[Items listed in a dataset]
»»

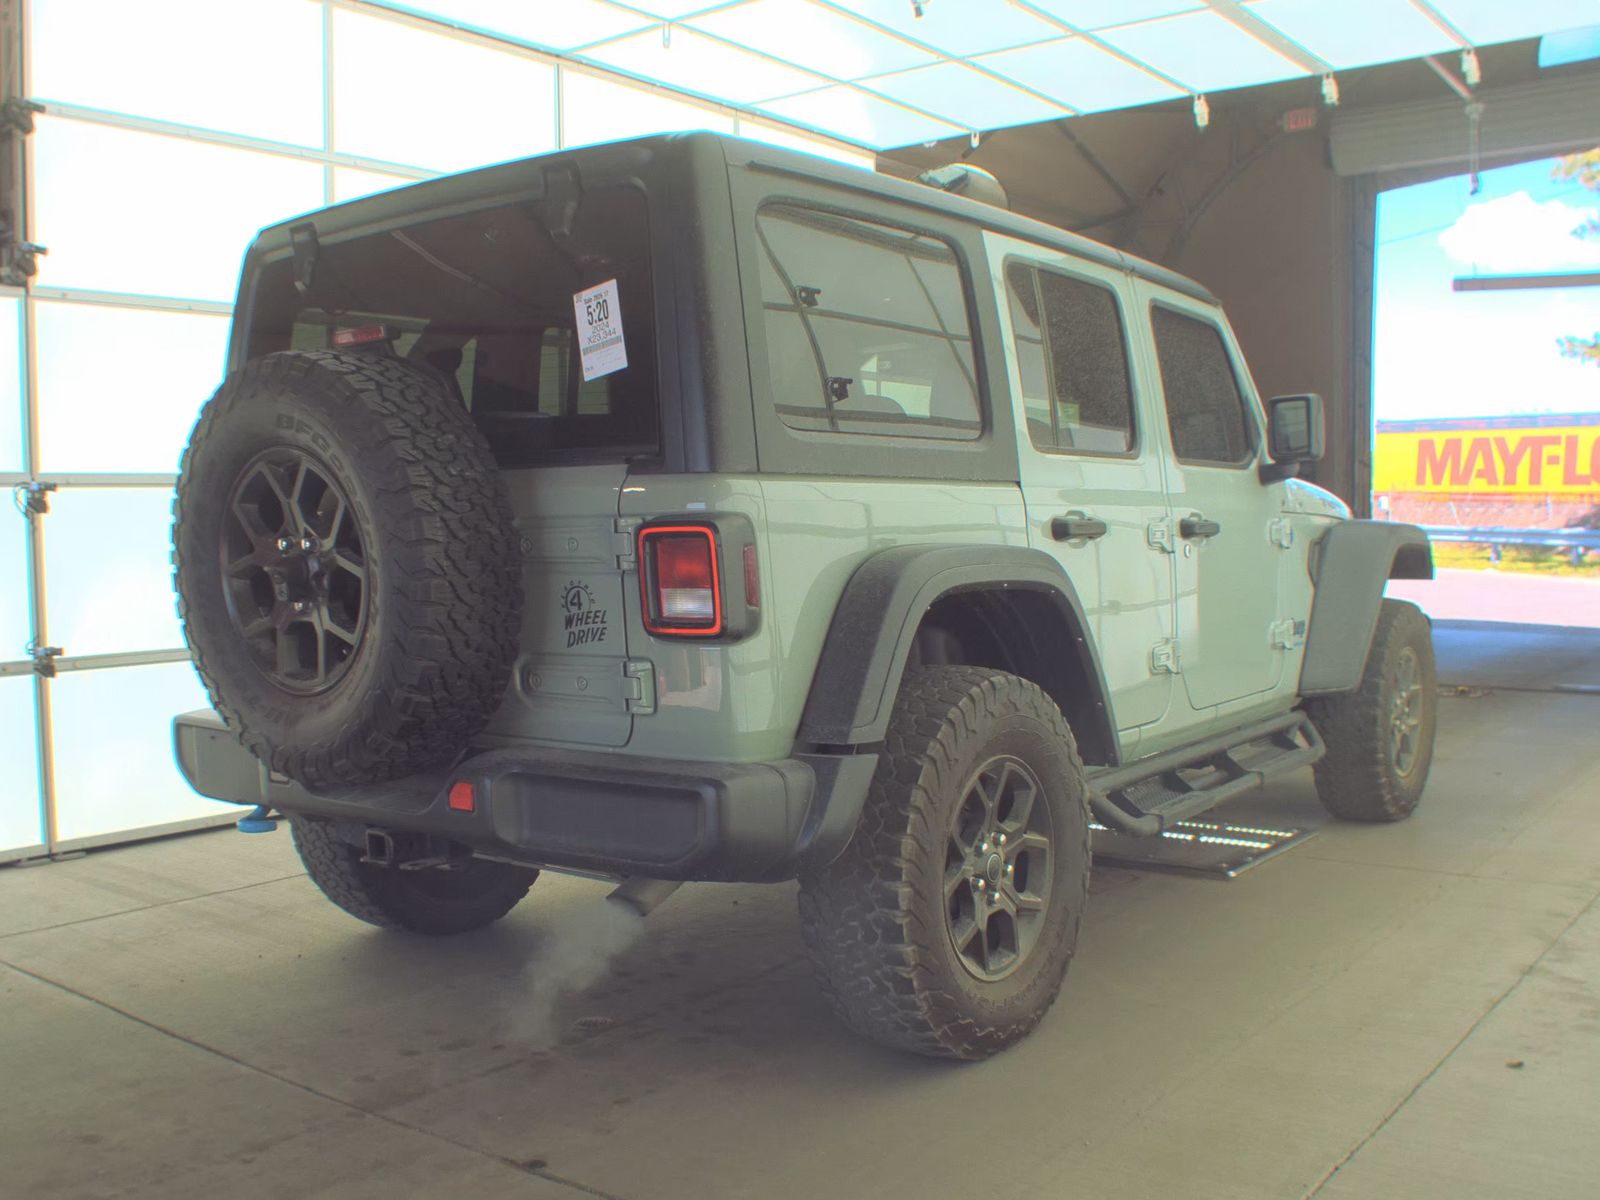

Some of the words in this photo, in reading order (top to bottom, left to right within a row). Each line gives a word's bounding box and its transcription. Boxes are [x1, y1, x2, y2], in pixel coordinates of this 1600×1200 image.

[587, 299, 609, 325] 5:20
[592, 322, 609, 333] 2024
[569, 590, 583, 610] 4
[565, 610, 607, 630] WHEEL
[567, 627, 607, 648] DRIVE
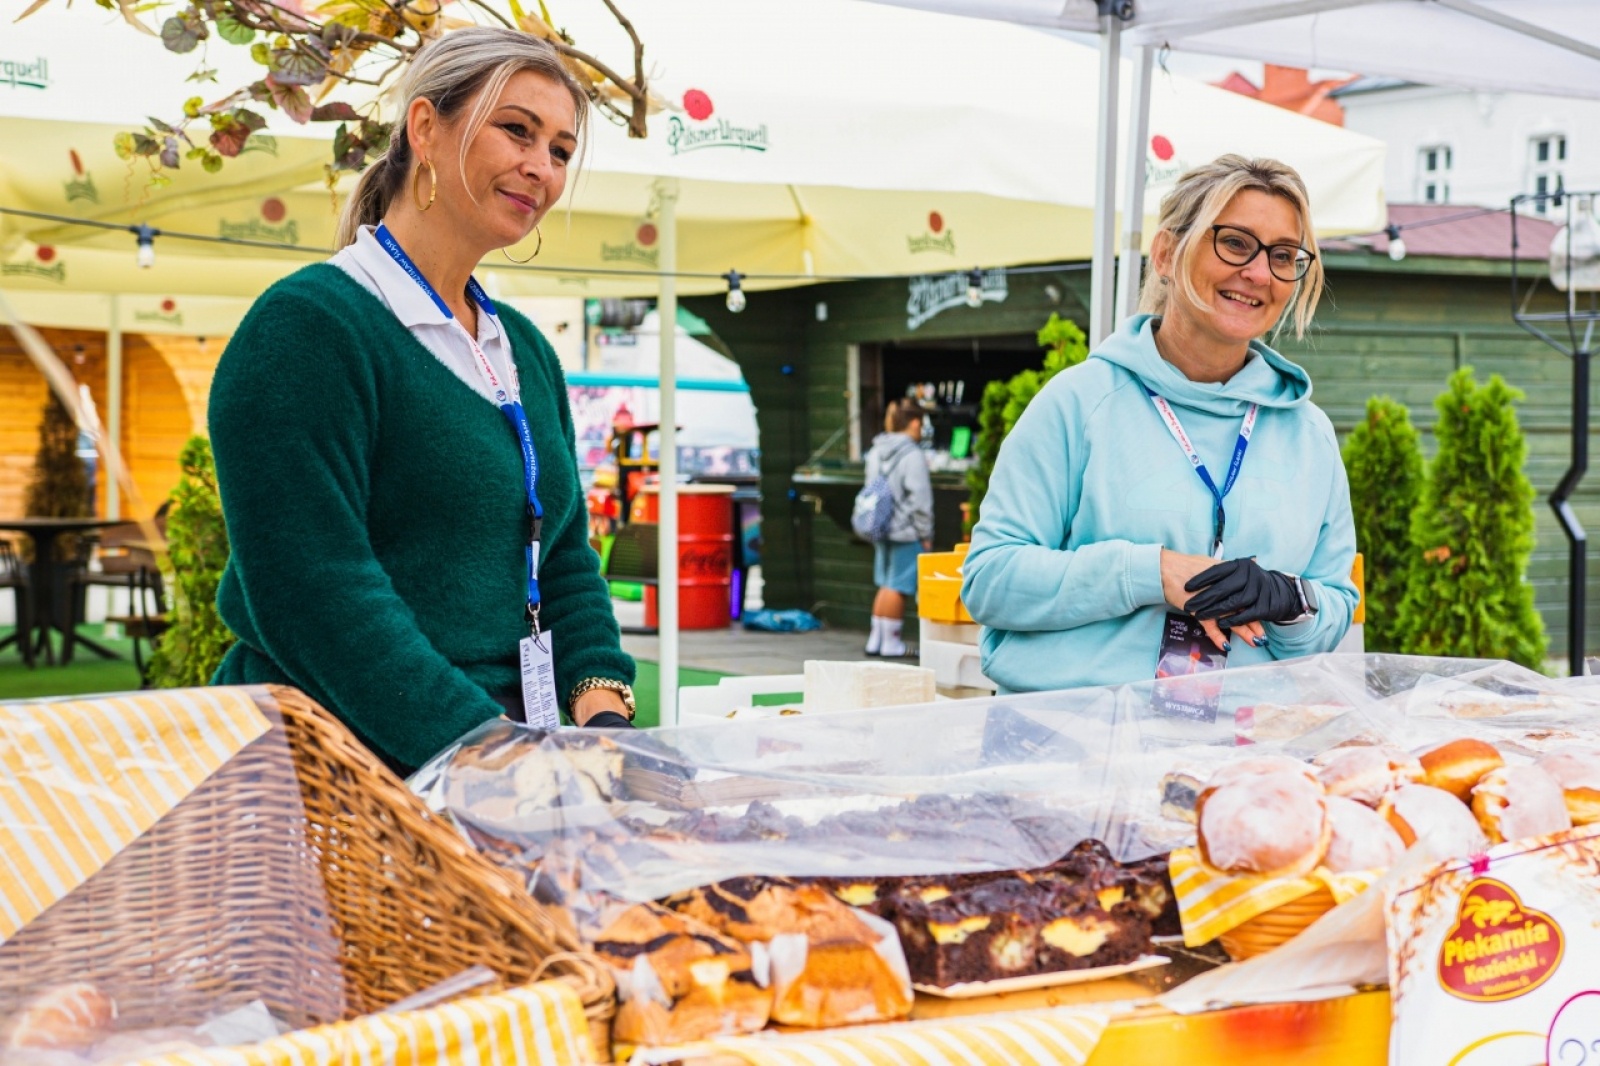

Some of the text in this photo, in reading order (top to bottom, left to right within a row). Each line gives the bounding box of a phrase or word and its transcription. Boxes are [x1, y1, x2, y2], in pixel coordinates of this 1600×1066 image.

««

### WHAT IS EXPECTED
Could you repeat all of the entries exactly, without any of the images?

### EXERCISE SOLUTION
Some of the words in this photo, in reading order (top to bottom, left to right within a row). Each line gives a word's bounding box and its transcription. Boxes are [x1, y1, x2, y2], in pixel coordinates of this 1600×1200 image.

[587, 299, 609, 325] 5:20
[592, 322, 609, 333] 2024
[569, 590, 583, 610] 4
[565, 610, 607, 630] WHEEL
[567, 627, 607, 648] DRIVE

Some of the text in this photo, in reading order (top to bottom, left to right within a row). Each line gives the bounding box of a phrase or word and its transcription. Boxes are [x1, y1, x2, y2], in pixel coordinates of this 1600×1066 image.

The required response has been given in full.